Historic reasons, of course. I realize my Chemistry teachers were Chemists and ChemEng, not historians, but they said that 1atm = 760mmHg because that was the value measured originally. We asked whether the person taking the measurement took it once and thought that was “The Value” or they’d already noticed it actually varies and thus the 760mm was an average… the teacher didn’t know but guessed it might have been the first, given the stories behind other units and key values.

The “inches” and “mm” in this case refer to the length of a column of mercury of a given cross-surface. The pressure is the pressure needed to “push” that column of mercury that far up; if the surface is smaller, the column is taller for the same pressure. The factors given in conversion programs and tables already take the value of the “given” surface into account.

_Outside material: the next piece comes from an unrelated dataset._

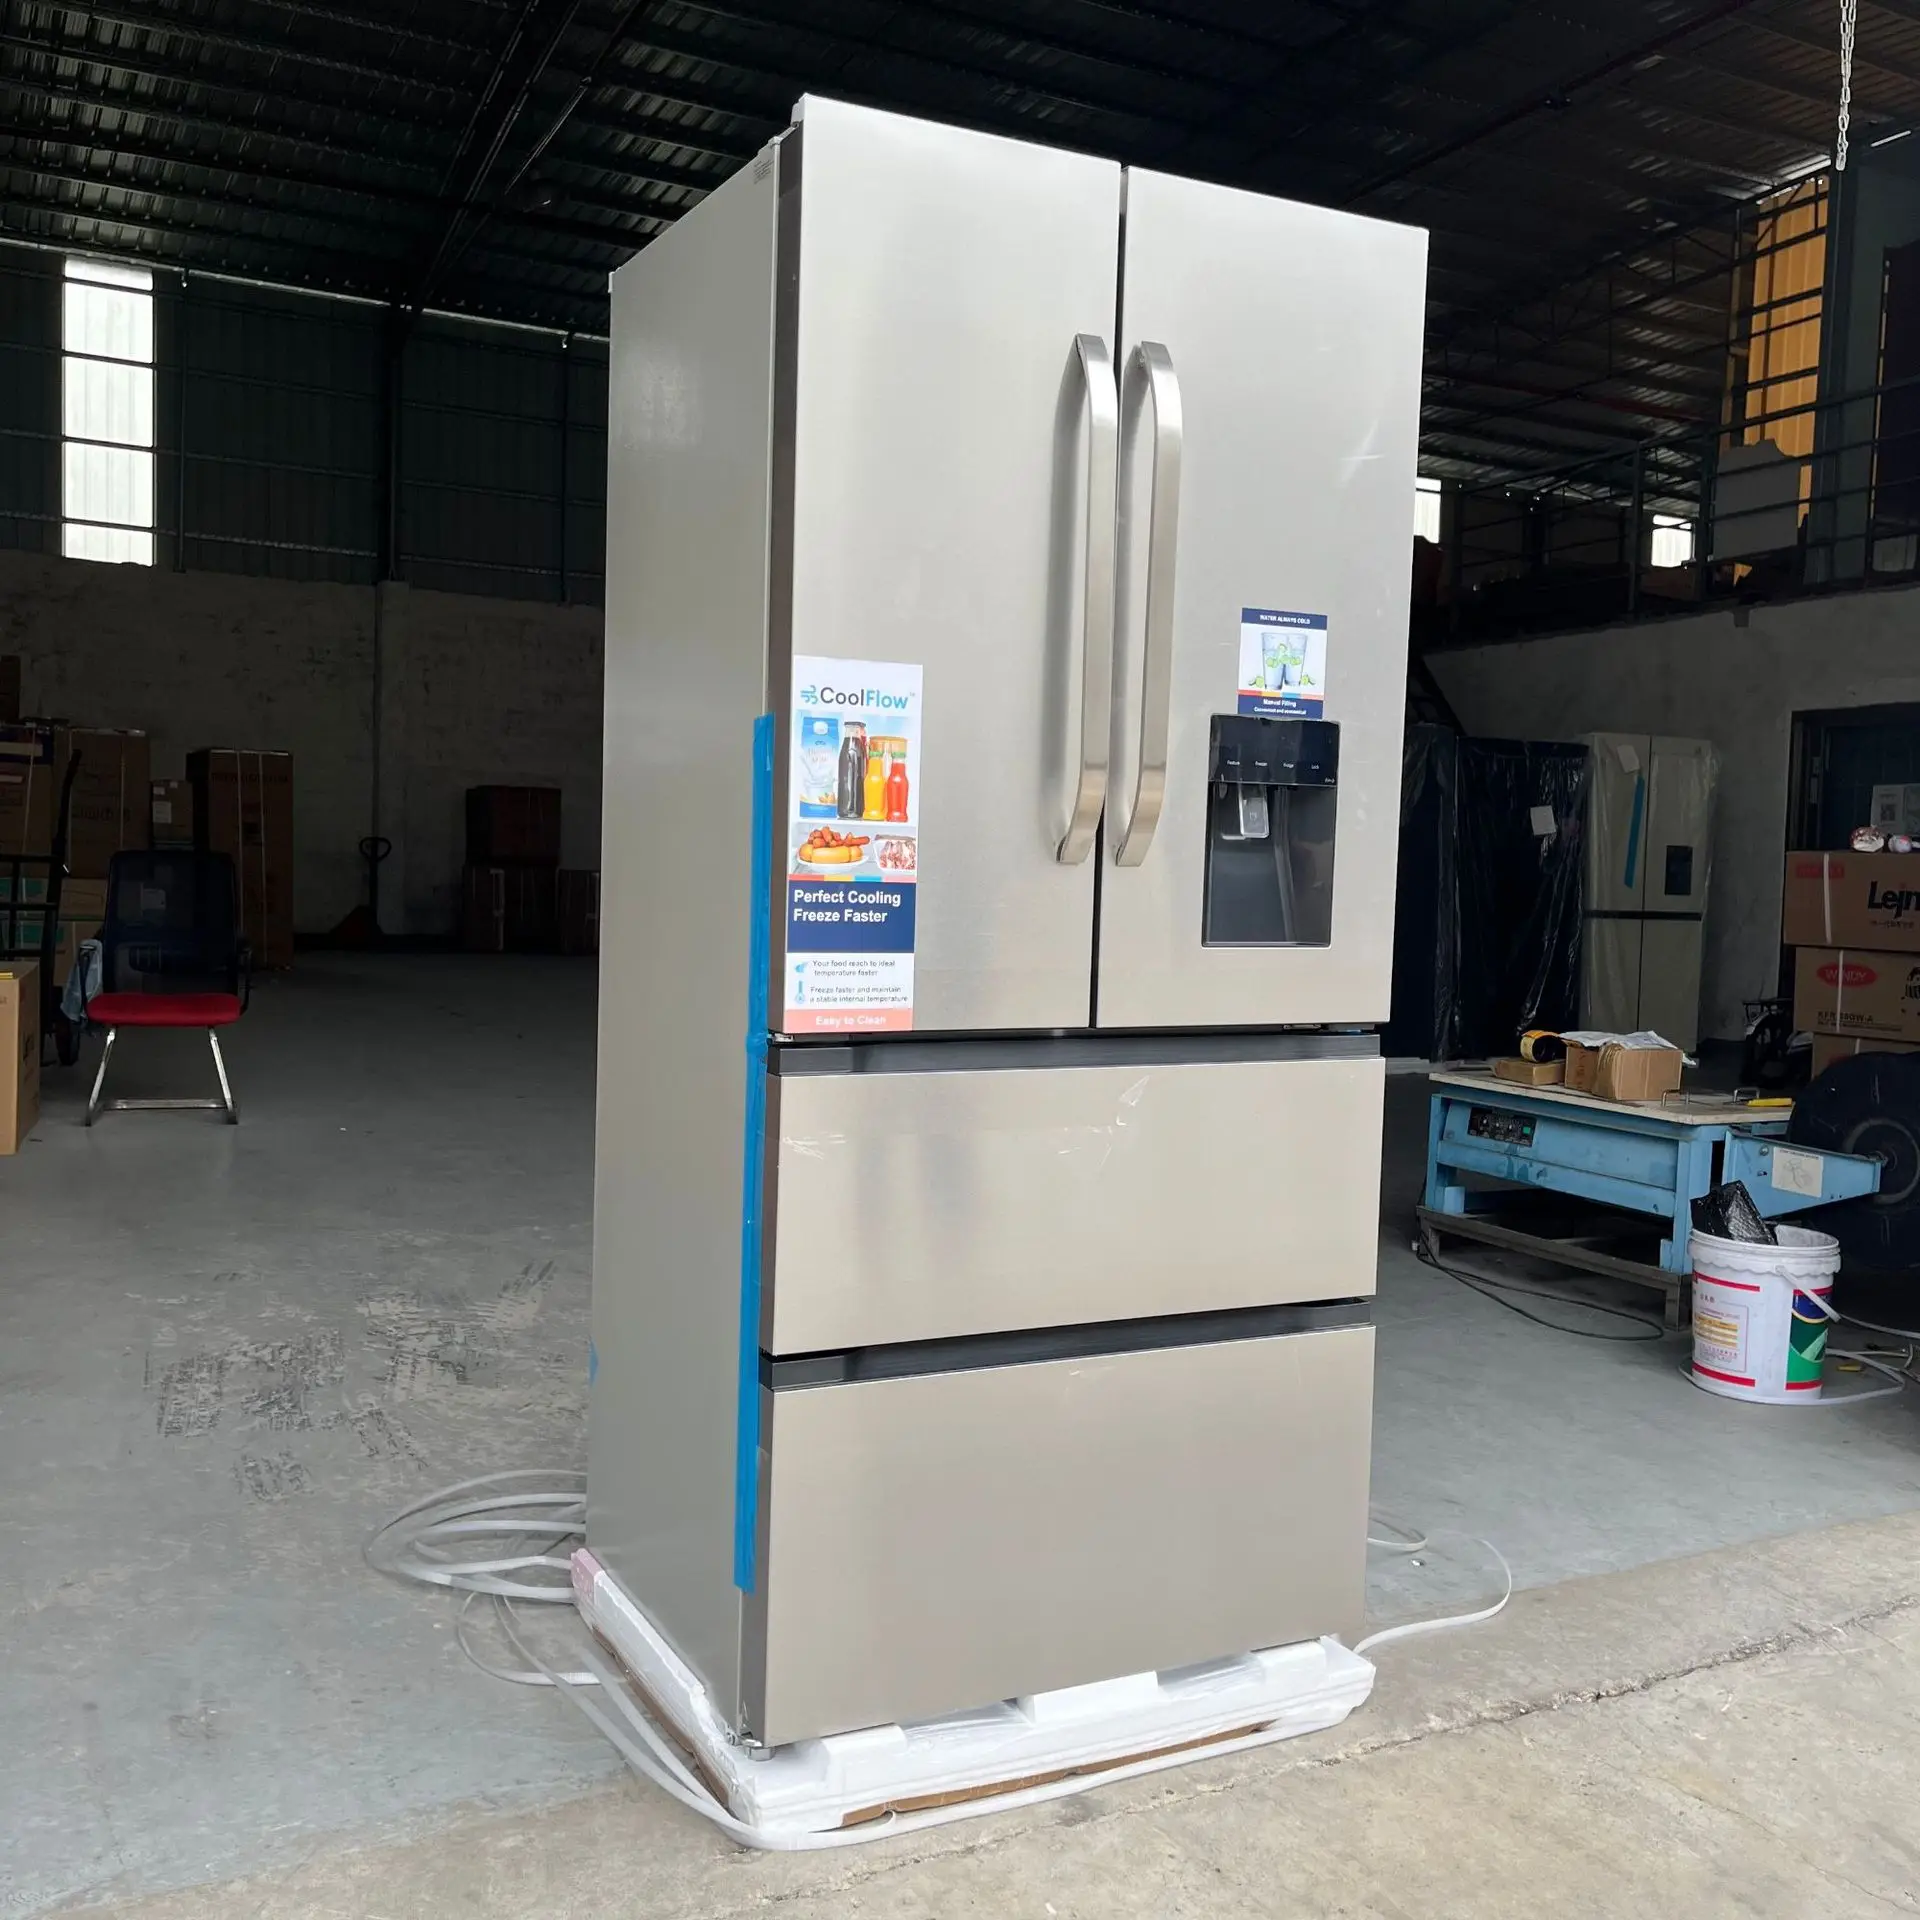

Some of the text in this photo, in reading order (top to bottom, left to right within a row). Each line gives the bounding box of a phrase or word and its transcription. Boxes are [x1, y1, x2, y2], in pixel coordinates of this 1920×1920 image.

[QUOTE=NavaThe “inches” and “mm” in this case refer to the length of a column of mercury of a given cross-surface.[/QUOTE]

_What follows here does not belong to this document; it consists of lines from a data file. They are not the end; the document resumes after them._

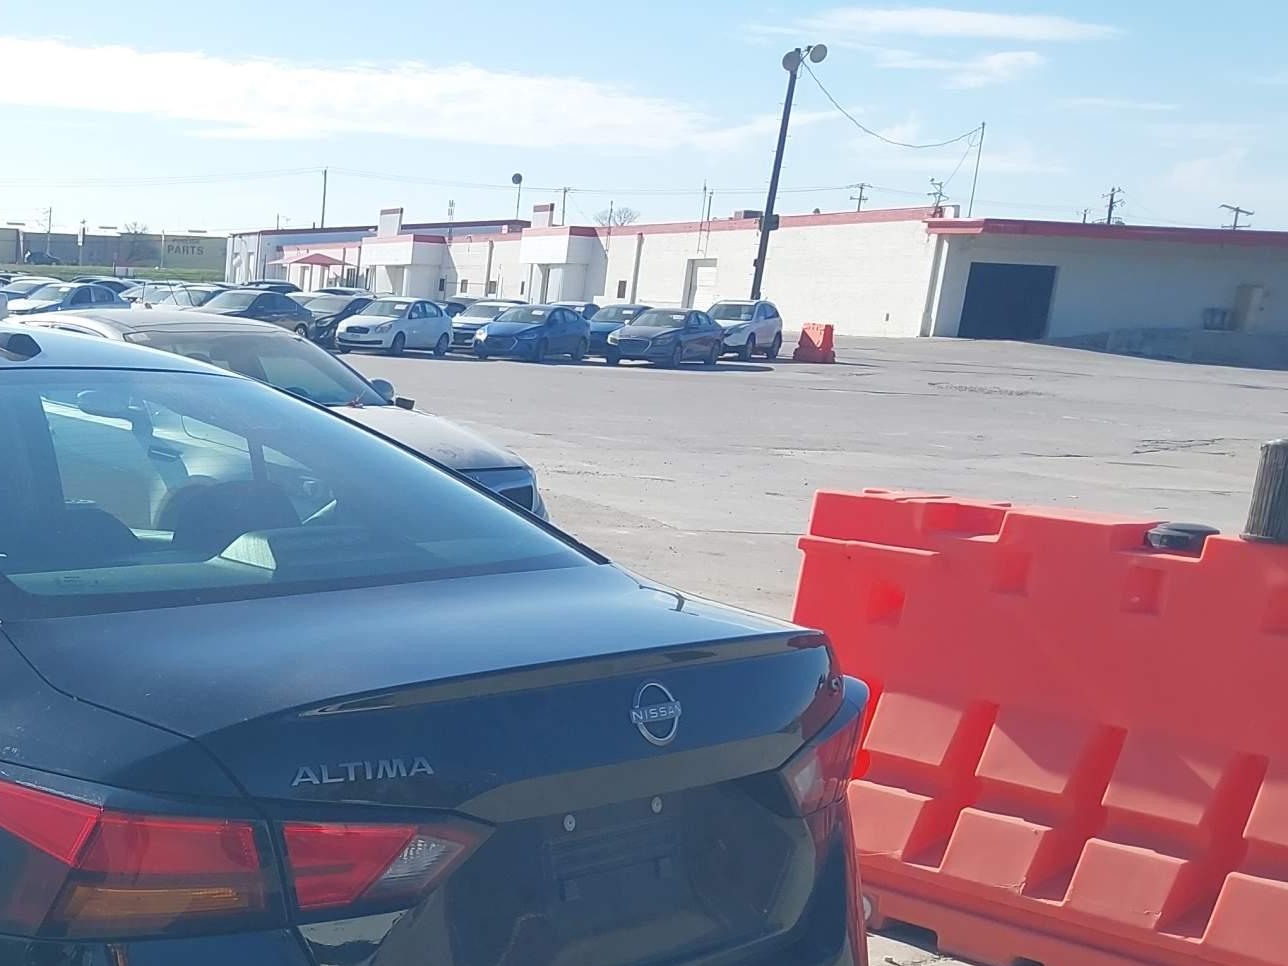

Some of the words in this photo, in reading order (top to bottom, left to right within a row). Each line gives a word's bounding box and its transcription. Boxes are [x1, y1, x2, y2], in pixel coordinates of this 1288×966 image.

[167, 244, 204, 256] PARTS
[631, 703, 682, 721] NISSAN
[291, 756, 435, 786] ALTIMA
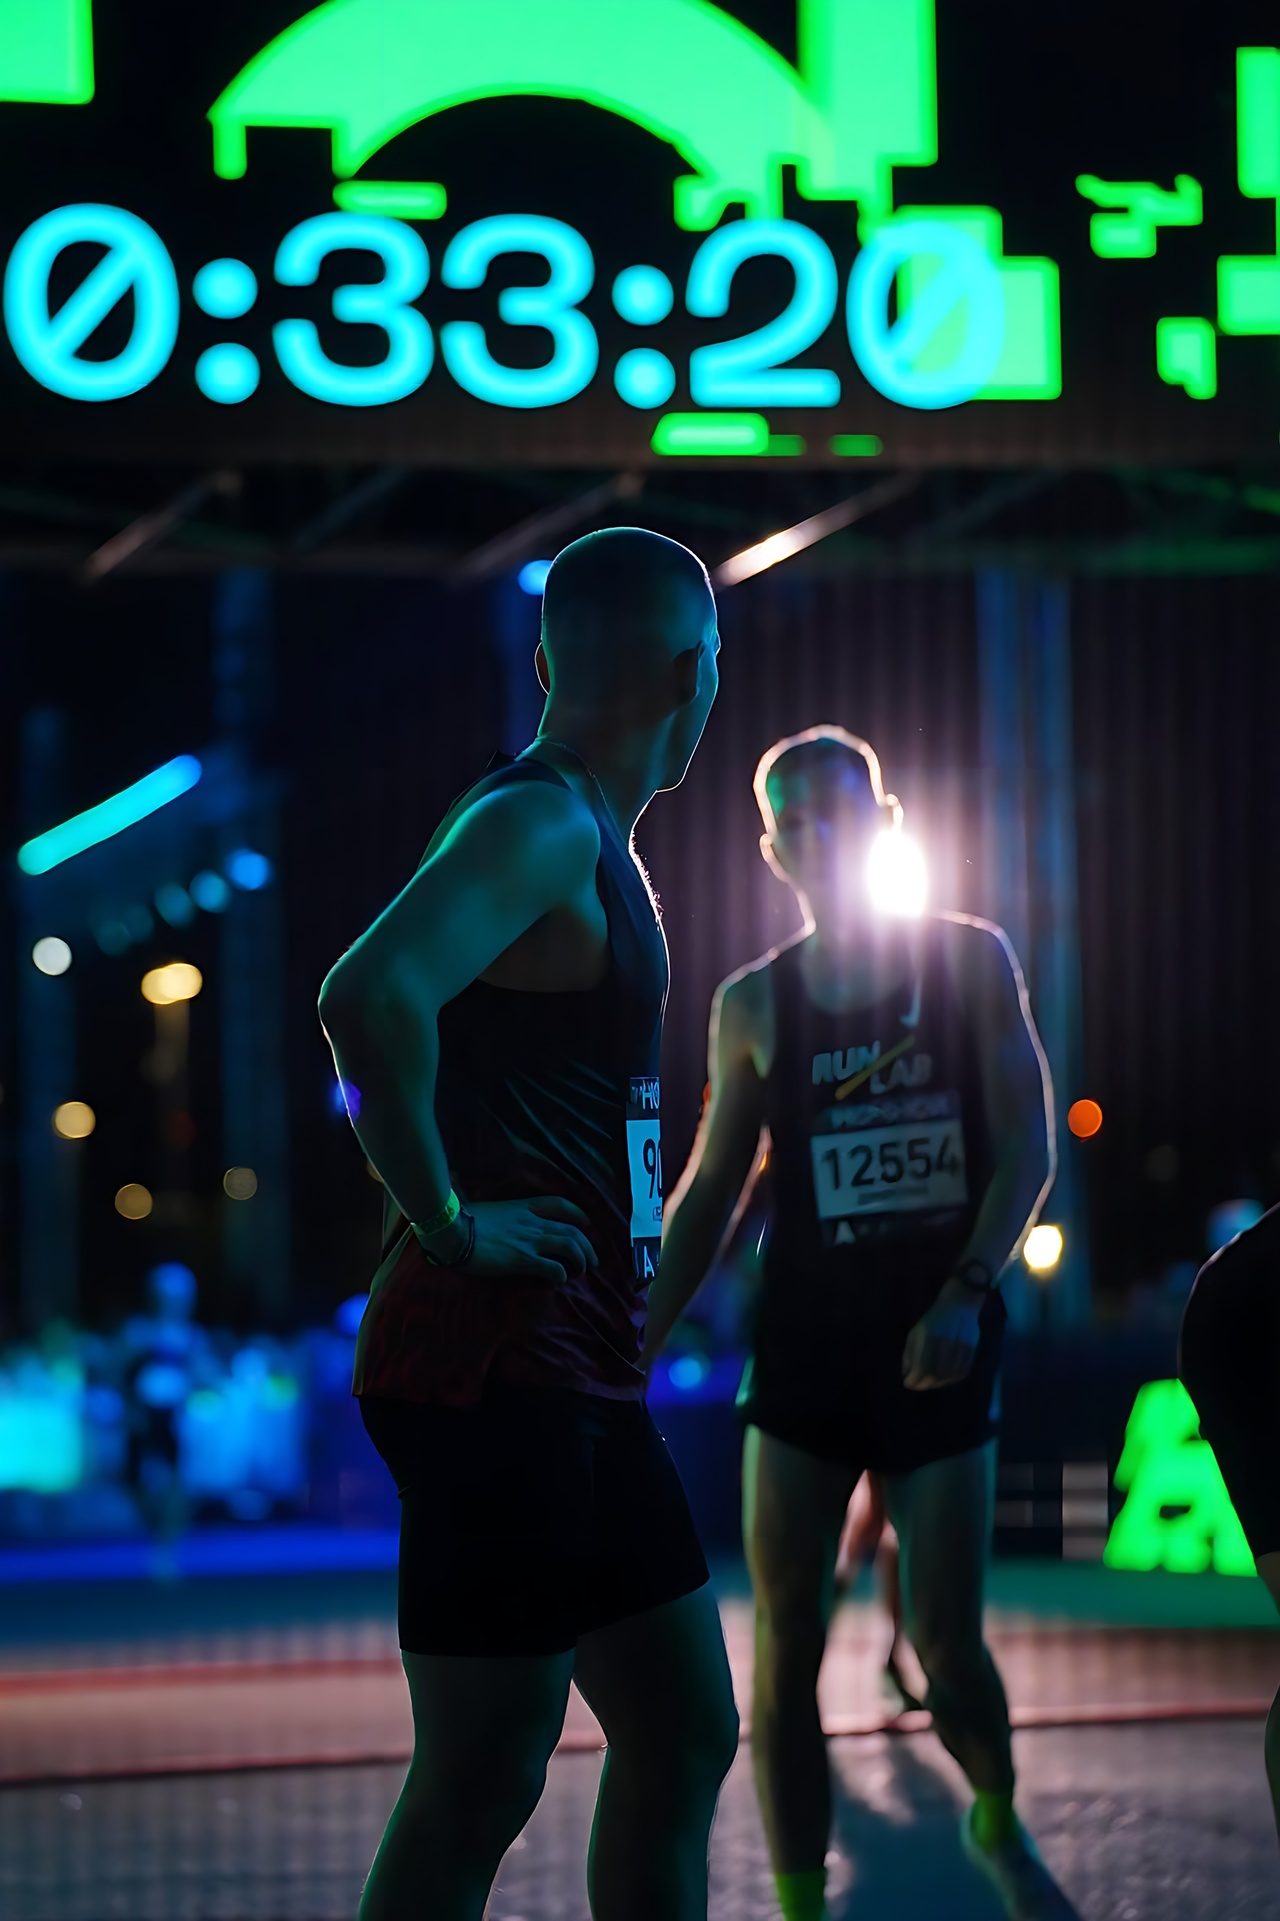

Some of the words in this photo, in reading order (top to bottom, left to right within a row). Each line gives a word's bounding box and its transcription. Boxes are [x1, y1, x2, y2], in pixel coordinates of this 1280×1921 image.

[3, 202, 1006, 411] 0:33:20
[812, 1040, 880, 1086] RUN
[822, 1134, 959, 1191] 12554

No, it doesn’t. the cross-sectional area doesn’t matter at all

I’m pretty sure that’s not right. As long as the cross-section is the same on both sides of the tube, the height will remain constant. The downward force on the open side is equal to the atmospheric pressure * area. On the closed side, the force down is equal to the weight of the mercury, which equals volume of mercury (area * height) times the density of mercury. Since “area” is on both sides of the equation (and assumed to be identical), it cancels out, whether it’s one square mm, one square inch, or one square foot.

Of course, with really big cross sections, you’d run into structural problems, since the amount the mercury would get to the point where the tube would have problems holding it without breaking under the strain. So while there are practical limits, the math doesn’t require a given cross sectional area.

[sub]Normal people use kilopascals…[/sub]

What works for me is to say that the weight of the column of mercury in the barometer is equal to the weight of a column of atmosphere with the same cross-sectional area.

For mercury barometers, cross-sectional area is a compromise between minimizing the volume of mercury used and minimizing the effect of the meniscus on the reading.